Summary
Between 2026-02-11 14:30 and 2026-02-12 07:00 UTC we experienced intermittent Dashboard / SDK API degradation and delays in event delivery to integrations (incl. custom webhook). The incident was caused by an unintended network configuration change during planned maintenance, which led to unstable network interfaces on a subset of our infrastructure.
Timeline (UTC)
- 14:30 — network instability begins on a limited subset of infrastructure;
- 15:10 — event sending latency begins increasing;
- 16:20 — service instances in the affected area begin restarting; 5xx errors increase for part of Dashboard traffic;
- 17:31 — peak impact: SDK downtime begins; we place temporary restrictions to stabilize the platform and reduce cascading failures;
- 17:51 — SDK recovers;
- 18:00 — event processing resumes, but with elevated delay;
- 19:00 — Dashboard recovers;
- 20:00 — event delivery returns to normal levels;
- 20:40–22:10 — intermittent Dashboard degradation;
- 05:30–06:30 — second wave: broad latency spike caused by a wider propagation of the same triggering change;
- 06:40 — triggering change fully reverted; services stabilize.
Customer impact
Event delivery to integrations
- 2026-02-11 15:10–17:31 UTC — events were delivered with ~5–10 min delay;
- 2026-02-11 17:31–18:00 UTC — event delivery paused;
- 2026-02-11 18:00–20:00 UTC — events were delivered with ~15–20 min delay, then returned to normal.
Dashboard API
- 2026-02-11 14:30–16:20 UTC — high latency for a portion of traffic;
- 2026-02-11 16:20–17:31 UTC — elevated 5xx errors for a portion of traffic;
- 2026-02-11 17:31–19:00 UTC — Dashboard was unavailable;
- 2026-02-11 19:00–22:10 UTC — intermittent latency, then stabilized;
- 2026-02-12 05:30–06:30 UTC — high latency affecting a larger share of traffic.
SDK API
- 2026-02-11 17:31–17:51 UTC — full downtime;
- 2026-02-12 05:30–06:30 UTC — high latency.
Root cause
During planned maintenance, a DevOps engineer executed a bash script intended to add a host route and restart the network interface.

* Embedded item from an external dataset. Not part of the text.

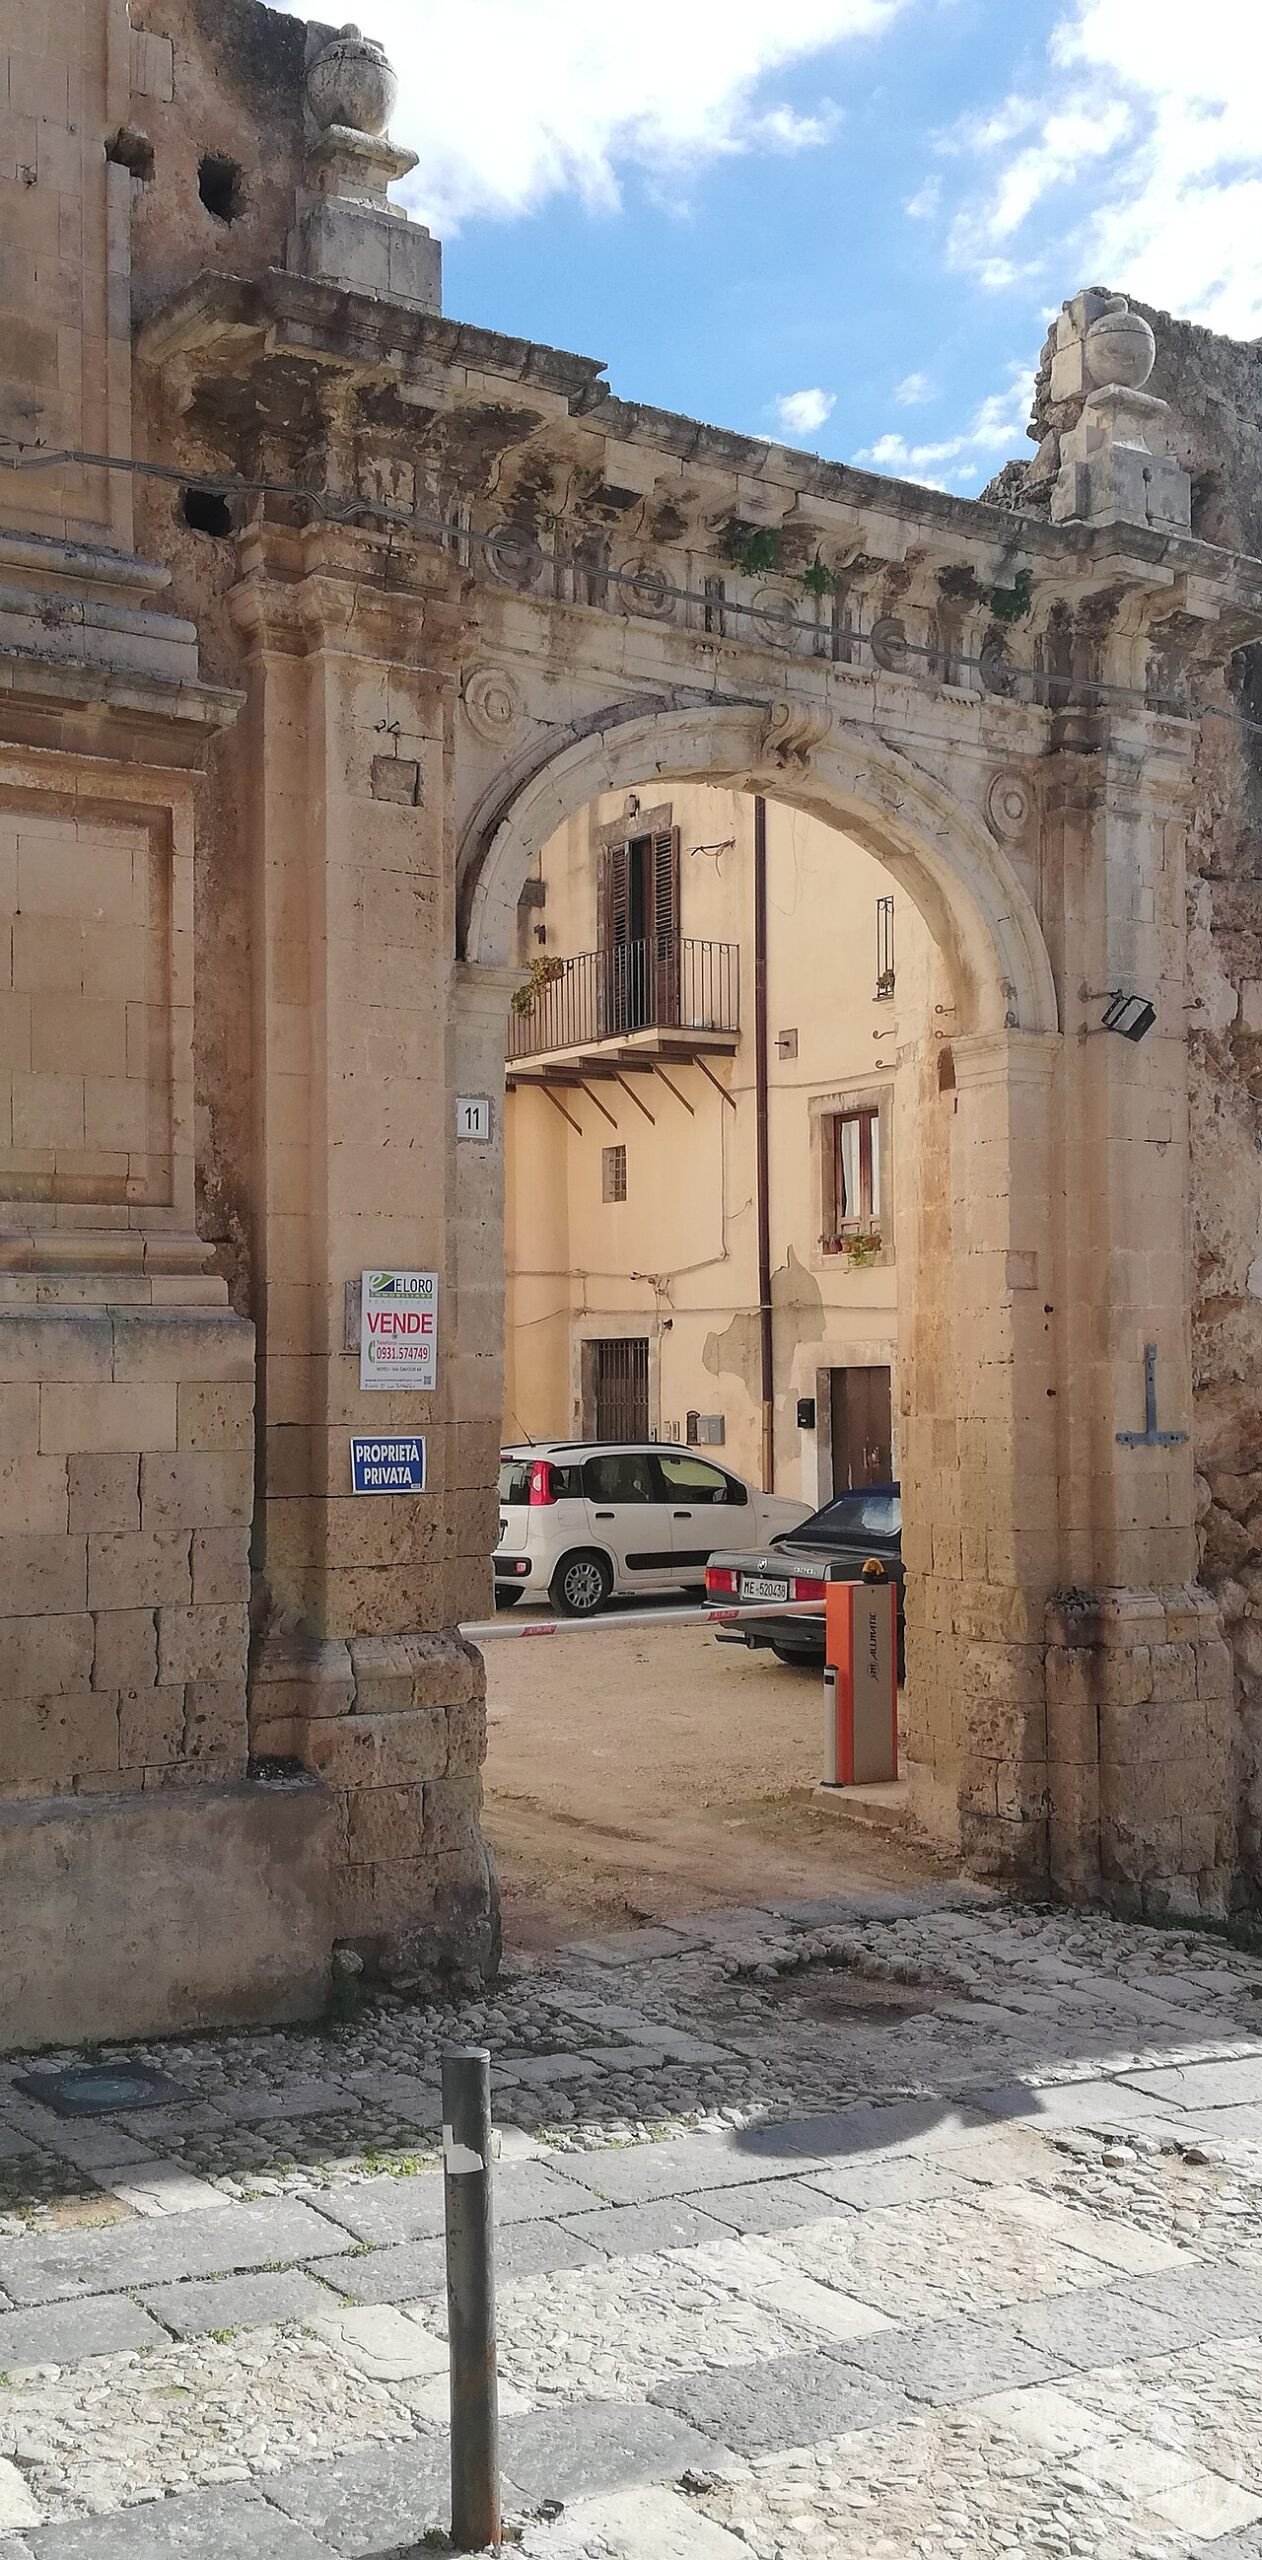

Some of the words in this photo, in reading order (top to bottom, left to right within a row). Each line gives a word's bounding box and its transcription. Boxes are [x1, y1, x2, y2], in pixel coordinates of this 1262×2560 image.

The script contained a bug that caused it to run in an infinite loop, sequentially restarting network interfaces across nodes. These repeated interface restarts introduced intermittent network disruption and latency in communication between internal services.

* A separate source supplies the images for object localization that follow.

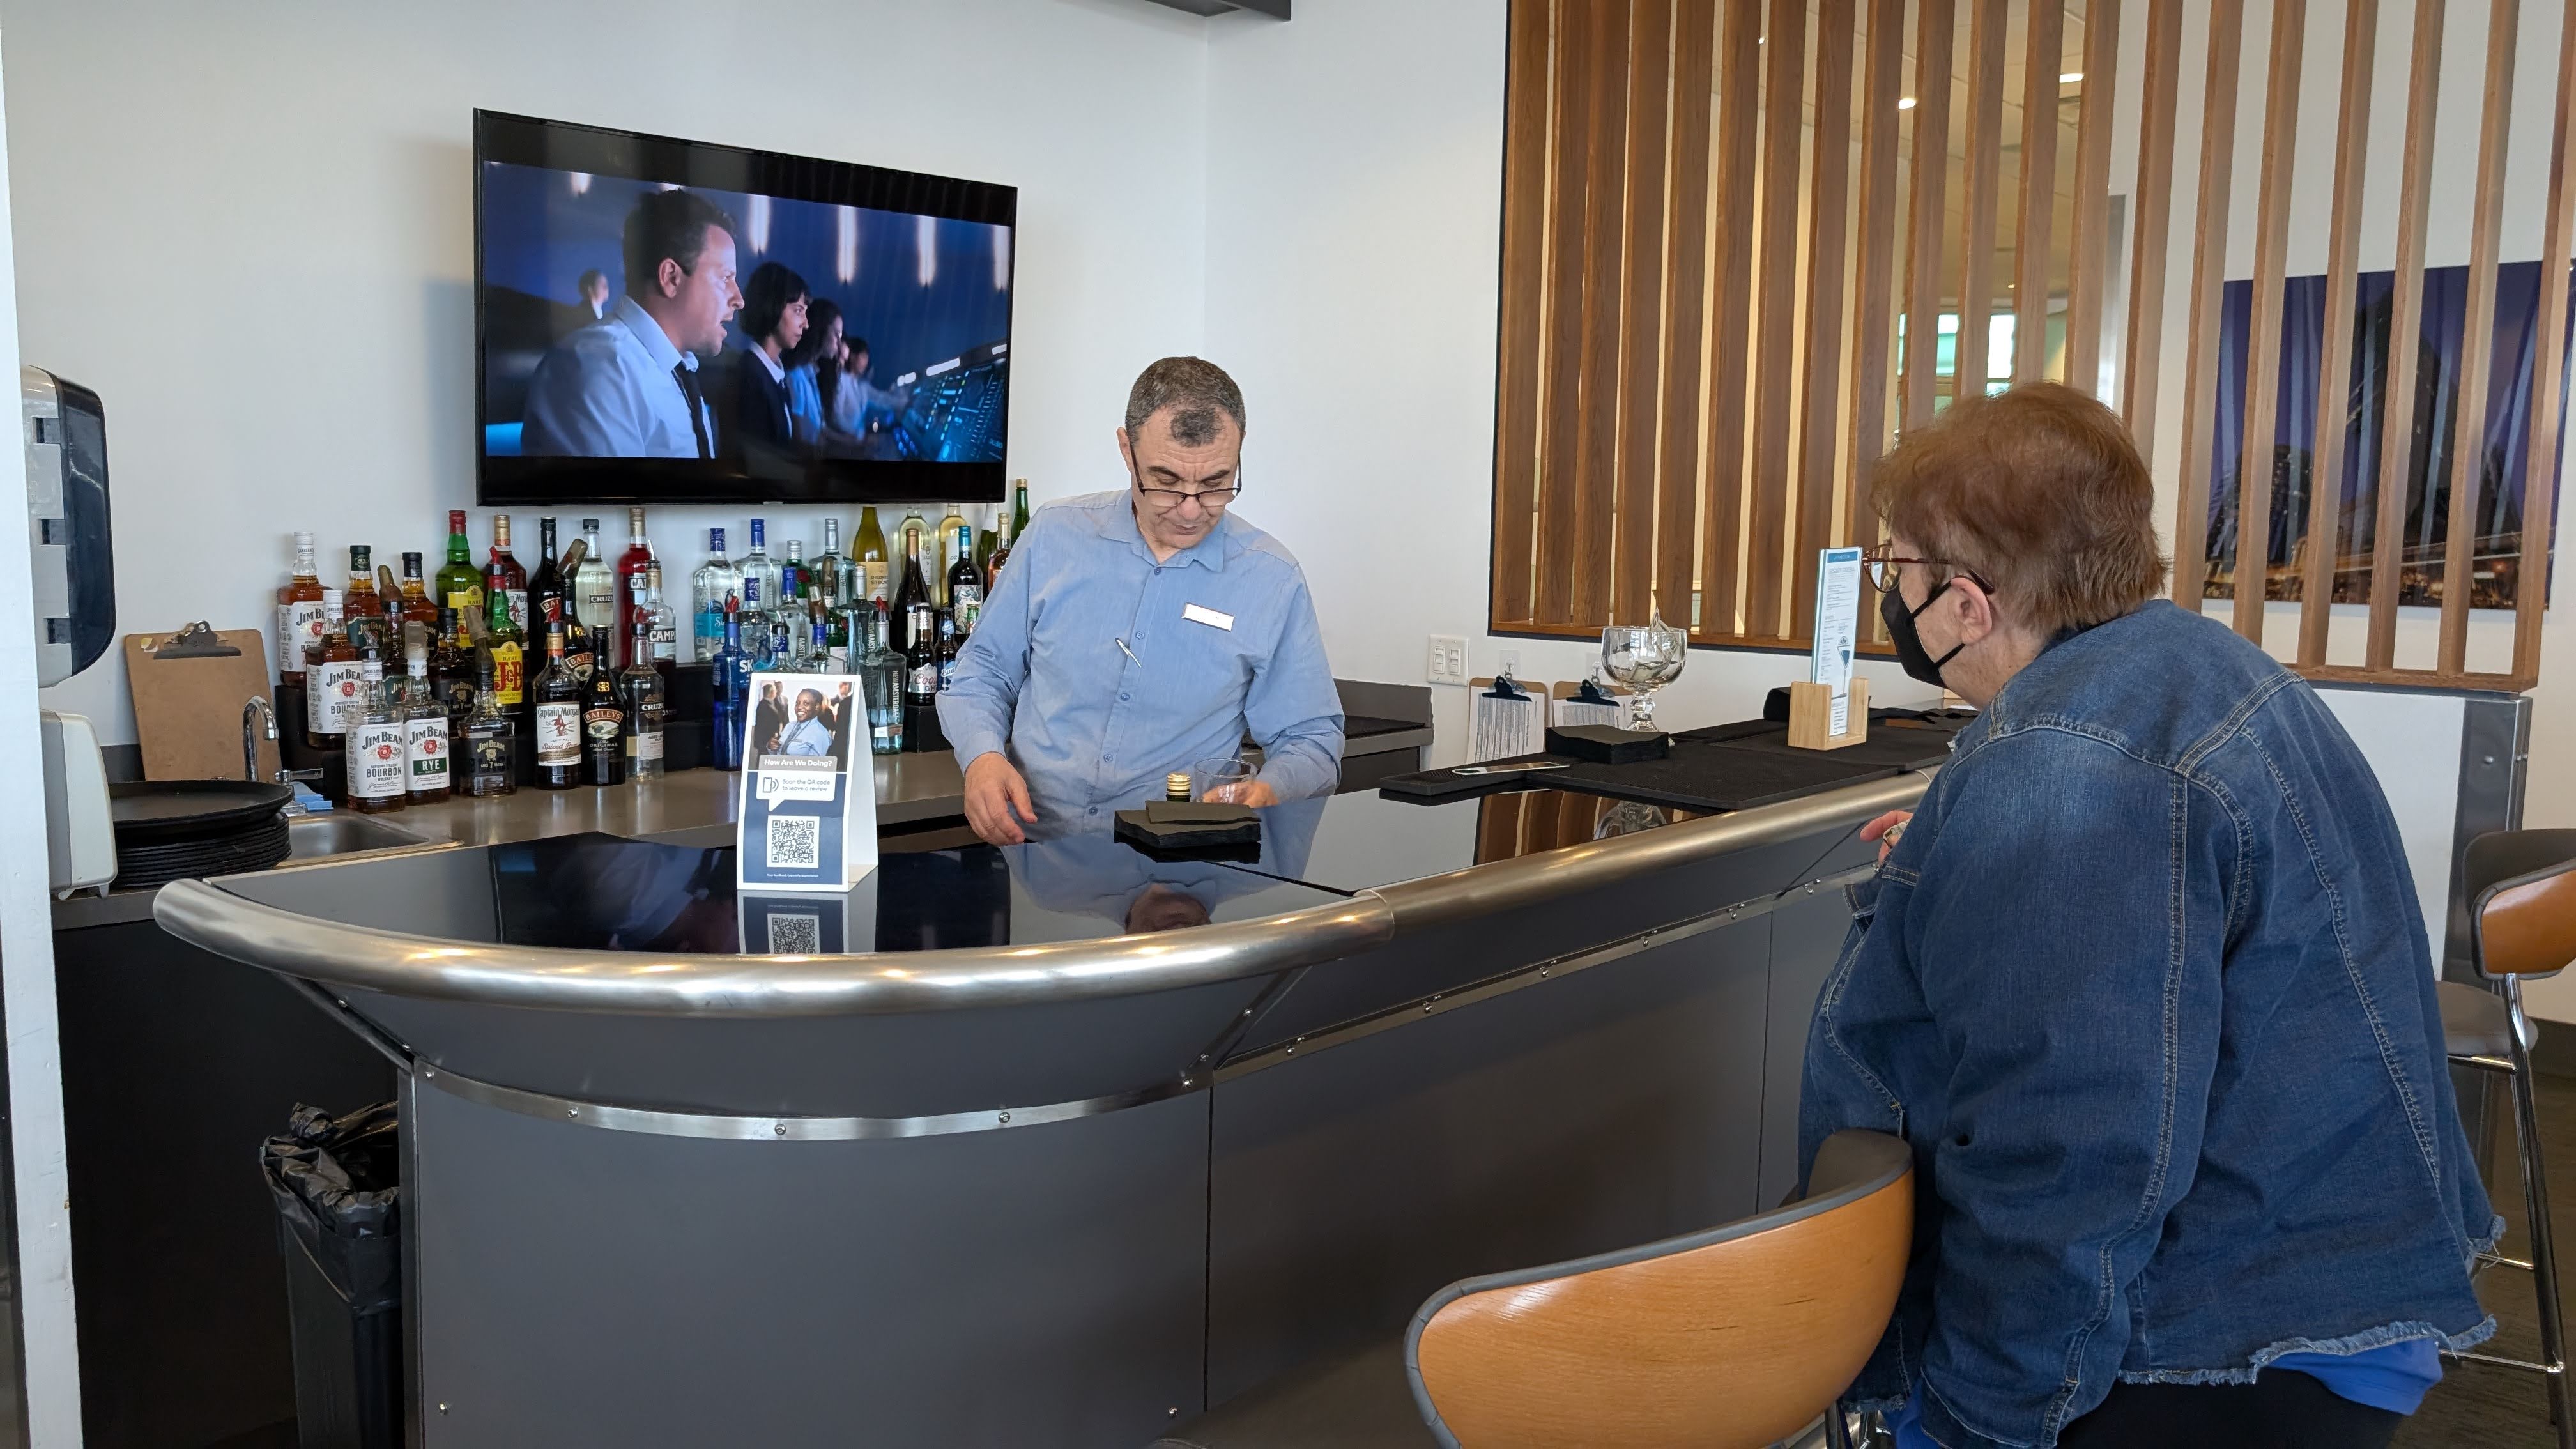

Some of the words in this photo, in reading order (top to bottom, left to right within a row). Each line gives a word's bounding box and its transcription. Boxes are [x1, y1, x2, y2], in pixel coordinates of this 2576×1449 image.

[296, 611, 314, 626] JIM
[649, 630, 675, 641] CAMP
[570, 654, 594, 665] BAILE
[740, 659, 753, 673] SK
[326, 672, 344, 687] JIM
[345, 668, 362, 681] BEA
[641, 703, 663, 711] CRUZ
[538, 707, 560, 719] Captain
[585, 710, 621, 721] BAILEYS
[362, 735, 380, 750] JIM
[381, 731, 403, 747] BEAM
[409, 730, 427, 745] JIM
[427, 726, 448, 741] BEAM
[422, 759, 440, 770] RYE
[366, 767, 402, 778] BOURBON

This had a particularly strong impact on our Postgres connection pool:
- network restarts repeatedly dropped existing database connections, forcing the service to open new ones;
- the old connections were not immediately removed on the Postgres side (they had a 20-minute lifetime/timeout);
- as a result, dead/stale connections accumulated quickly and eventually exhausted the Postgres connection limit (max_connections);
- once the limit was reached, service could not open new connections, which caused errors and degraded availability.